Nearly 2,000 hunters who signed up to participate in a pilot study to gauge the prevalence of neonicotinoids in Minnesota's deer population haven't heard the last from researchers who launched the project in 2019.
Based on this week's surprising announcement that the insecticides have infiltrated deer in just about every corner of the state, the Department of Natural Resources is on a quest to determine if the so-called "neonics" are detrimental to the health of the state's most-sought-after game animal. Discussions already have begun with wildlife officials in North Dakota to collaborate on a research paper showing dispersal of the chemicals in deer from both states.

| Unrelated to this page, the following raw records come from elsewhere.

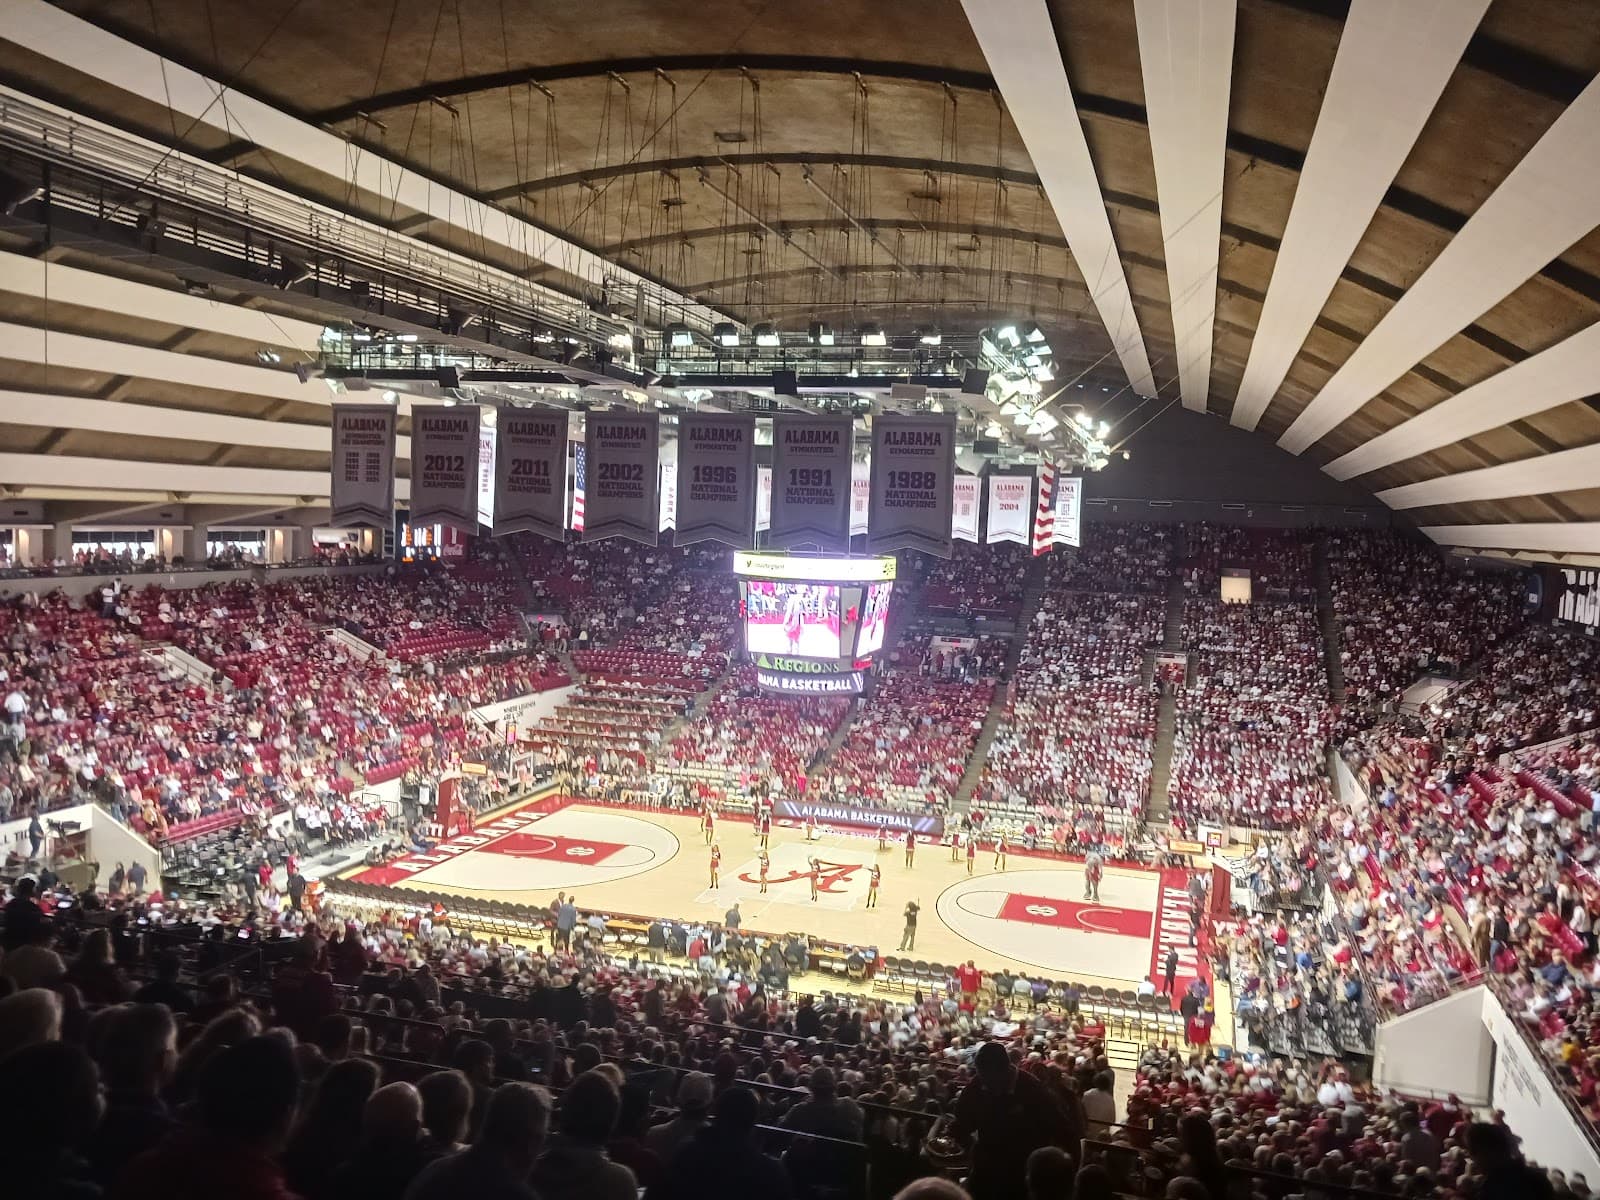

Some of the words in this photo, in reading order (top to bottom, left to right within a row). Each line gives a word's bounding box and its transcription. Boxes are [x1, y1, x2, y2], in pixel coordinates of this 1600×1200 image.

[341, 418, 386, 432] ALABAMA
[422, 419, 468, 432] ALABAMA
[507, 422, 556, 437] ALABAMA
[596, 426, 646, 440] ALABAMA
[690, 428, 742, 442] ALABAMA
[785, 430, 840, 444] ALABAMA
[884, 431, 941, 446] ALABAMA
[424, 454, 465, 471] 2012
[511, 458, 549, 476] 2011
[423, 472, 465, 481] NATIONAL
[598, 463, 644, 480] 2002
[693, 465, 737, 483] 1996
[789, 469, 832, 486] 1991
[508, 476, 552, 486] NATIONAL
[598, 481, 644, 490] NATIONAL
[887, 470, 937, 489] 1988
[691, 484, 738, 493] NATIONAL
[785, 487, 835, 496] NATIONAL
[885, 490, 937, 500] NATIONAL
[996, 484, 1024, 492] ALABAMA
[999, 503, 1019, 511] 2004
[773, 657, 840, 673] REGIONS
[782, 677, 852, 690] BASKETBALL
[802, 805, 849, 820] ALABAMA
[851, 810, 913, 828] BASKETBALL
[392, 809, 548, 873] ALABAMA

In North Dakota, 52% of deer spleens checked for neonics have tested positive.
In addition, the DNR will soon receive a deeper analysis of the neonic levels and specific types of neonics found in the deer spleens provided by Minnesota hunters.
What the DNR already knows but didn't say this week in its news release is that some whitetails in the study carried neonic concentrations greater than .33 parts per billion — the level at which fawn survival decreased in a study on captive deer in South Dakota. Phase one of the Minnesota study found neonic levels as high as 6.1 parts per billion, the DNR wrote in letters this week to the hunters who provided spleen samples.

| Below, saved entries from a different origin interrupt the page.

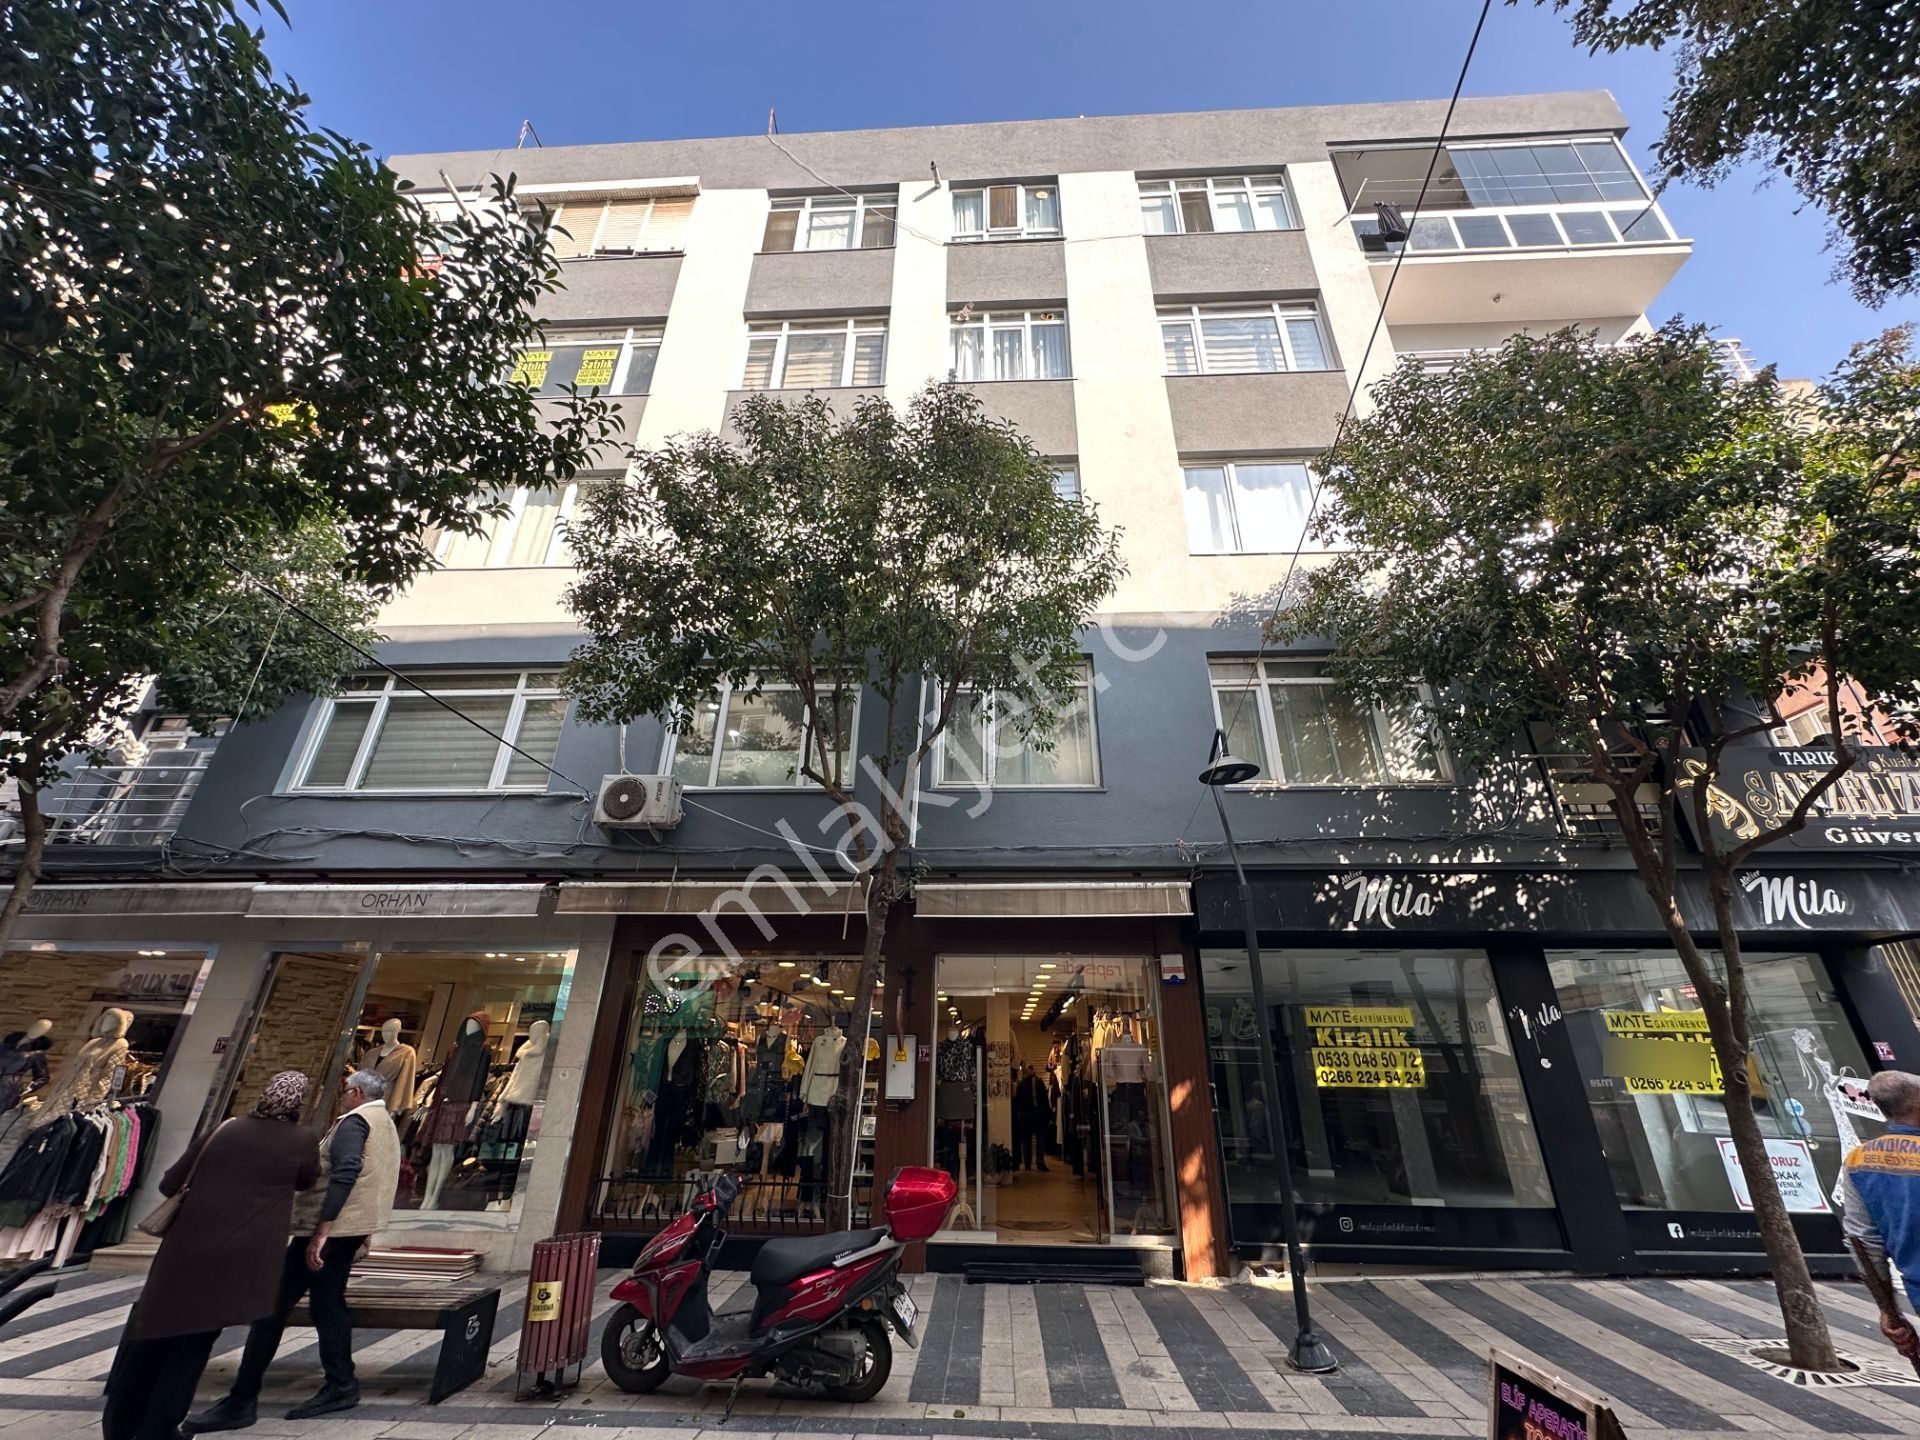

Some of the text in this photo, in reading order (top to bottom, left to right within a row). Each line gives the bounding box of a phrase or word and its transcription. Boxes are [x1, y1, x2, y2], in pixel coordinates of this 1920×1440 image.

[1778, 751, 1839, 766] TARIK
[1340, 870, 1363, 885] Atelier
[1740, 870, 1760, 887] Atelier
[361, 893, 428, 908] ORHAN
[1343, 876, 1436, 929] Mila
[1746, 876, 1846, 929] Mila
[1310, 1010, 1352, 1024] MATE
[1608, 1015, 1708, 1029] MATE GAYRİMENKU
[1315, 1027, 1411, 1048] Kiralık
[1318, 1052, 1419, 1067] 0533 048 50 72
[1321, 1071, 1421, 1084] 0266 224 54 24
[1630, 1077, 1664, 1090] 0266

"I can't hardly wait to see what's next," said Judy Hoy, a Montana wildlife rehabilitator and researcher whose early work on neonicotinoids paved the way for the deer studies in South Dakota and Minnesota.

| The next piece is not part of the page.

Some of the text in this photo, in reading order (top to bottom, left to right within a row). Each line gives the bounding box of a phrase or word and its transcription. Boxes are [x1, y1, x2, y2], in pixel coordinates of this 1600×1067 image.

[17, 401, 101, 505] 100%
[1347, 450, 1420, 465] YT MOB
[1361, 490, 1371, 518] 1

Hoy said correlations she has long drawn between neonics and birth defects in deer, birds and other animals have been "trashed" by other scientists. But she said she was vindicated by the national research paper that came out of the South Dakota State University Wildlife and Fisheries Captive Facility in March 2019. Researchers in that study fed neonics to captive fawns and adult female deer. Adverse effects included shortened jawbones, reduced organ weights, decreased foraging, genital abnormalities and reduced fawn survival, researchers reported.
Michelle Carstensen, DNR's wildlife health program supervisor, said some Minnesota whitetails "absolutely" have concentrations of neonics associated in the South Dakota study with reduced fawn survival.
"We don't want to get ahead of ourselves ... we're trying to really understand what this means for deer," she said.